Surgery is reserved for patients with non contained leak or in uncontrolled sepsis or after failure of conservative method.
Resurgery after esophageal leakage is associated with high morbidity & mortality.
Most cervical leaks tend to be managed successfully by conservative treatment while thoracic leaks more likely need an intervention either upper GI & stenting, radiological guided drains or resurgery.
There is progressive development of endoscopic techniques providing better alternative to surgery in cases with failed conservative management.

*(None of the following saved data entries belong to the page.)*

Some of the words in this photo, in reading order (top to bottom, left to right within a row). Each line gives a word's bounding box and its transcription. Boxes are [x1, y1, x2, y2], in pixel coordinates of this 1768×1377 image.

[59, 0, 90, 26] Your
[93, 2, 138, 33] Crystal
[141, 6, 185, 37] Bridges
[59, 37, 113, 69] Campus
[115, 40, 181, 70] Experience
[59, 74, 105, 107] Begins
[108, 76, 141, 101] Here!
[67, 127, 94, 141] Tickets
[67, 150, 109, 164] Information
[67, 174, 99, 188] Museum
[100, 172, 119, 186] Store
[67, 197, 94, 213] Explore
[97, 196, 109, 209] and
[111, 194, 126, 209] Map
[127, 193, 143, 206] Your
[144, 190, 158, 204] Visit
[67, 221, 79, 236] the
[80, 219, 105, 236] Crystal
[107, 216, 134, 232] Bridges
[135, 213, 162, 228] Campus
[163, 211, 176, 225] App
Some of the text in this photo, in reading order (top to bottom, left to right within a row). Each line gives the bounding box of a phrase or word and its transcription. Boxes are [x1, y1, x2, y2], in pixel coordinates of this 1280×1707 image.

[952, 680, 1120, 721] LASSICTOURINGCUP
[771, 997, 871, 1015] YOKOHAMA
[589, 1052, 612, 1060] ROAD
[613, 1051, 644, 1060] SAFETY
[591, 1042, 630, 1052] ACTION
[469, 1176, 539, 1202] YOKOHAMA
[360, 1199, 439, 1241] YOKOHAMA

Endoscopic techniques include self-expandable stents, endoscopic vacuum therapy, stent-over-sponge therapy, clipping with the over-the-scope-clip (OTSC) system, suturing with overstitch, and the use of a sealant.
CONCLUSION
• Anastomotic leak after surgery for esophageal diseases can vary in location, onset time, size, and extent. For local management, personalized treatment should be decided based on patient’s particular situations.
• Cervical anastomosis leakage has less morbidity & mortality compared to thoracic anastomosis.
• Conservative treatment is safe and successful in many cases, in cervical leakage conservative management is effective in most cases.
• Stent implantation is an effective method with other emerging endoscopic techniques.
• Resurgery should be considered carefully and reserved to uncontrolled leakage or patients with failed conservative management.